The two surmised that Domke saw a need for people to understand dinosaurs, mastodons, and ancient humans as real creatures, to see something beyond a few bones put together in a museum.
A walk in the woods
Walking through Dinosaur Gardens on a crisp fall afternoon, I imagine Domke hard at work in the Michigan woods. Trees stand tall, ferns unfurl from fertile ground, and the stream ripples just as it did almost 90 years ago. The forest and its creatures are quiet and the sun streams through the trees, casting a spotlight onto the Stegosaurus.
Around the first bend in the pathway, a staircase leads visitors up into the Brontosaurus’ lofty neck. Inside its body cavity is a painting of Jesus nestled against the dinosaur’s heart and lungs. Down inside the tail, the Three Wise Men make an appearance. Domke’s touch is evident in each display, from dinosaurs to prehistoric lizards, to a scantily-clad cement-plastic man locked in mortal combat with a serpent.

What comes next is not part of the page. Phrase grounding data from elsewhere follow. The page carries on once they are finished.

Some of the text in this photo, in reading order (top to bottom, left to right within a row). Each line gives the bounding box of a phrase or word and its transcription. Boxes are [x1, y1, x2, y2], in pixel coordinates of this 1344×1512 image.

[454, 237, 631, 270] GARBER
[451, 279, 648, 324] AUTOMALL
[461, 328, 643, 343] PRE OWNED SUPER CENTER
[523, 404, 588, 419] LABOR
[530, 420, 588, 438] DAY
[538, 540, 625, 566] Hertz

Despite the outdoor elements and advances in science, Domke’s Dinosaur Park still thrives. Today it stands as a testament to an out-of-work church artist with enough faith to take his passion to new places. Domke wasn’t the first American to dream up a money-making Mesozoic menagerie, but it might be one of the last dinosaur parks left standing—at least if Gary Stephens has anything to do with it.
“There are very few roadside attractions like this anymore,” Gary says. “I have to say in reflection, it was probably one of the best purchases I’ve ever made. It has been a true pleasure owning Dinosaur Gardens.”
If you go
Dinosaur Gardens is open May 24 through October 14. Hours vary by season.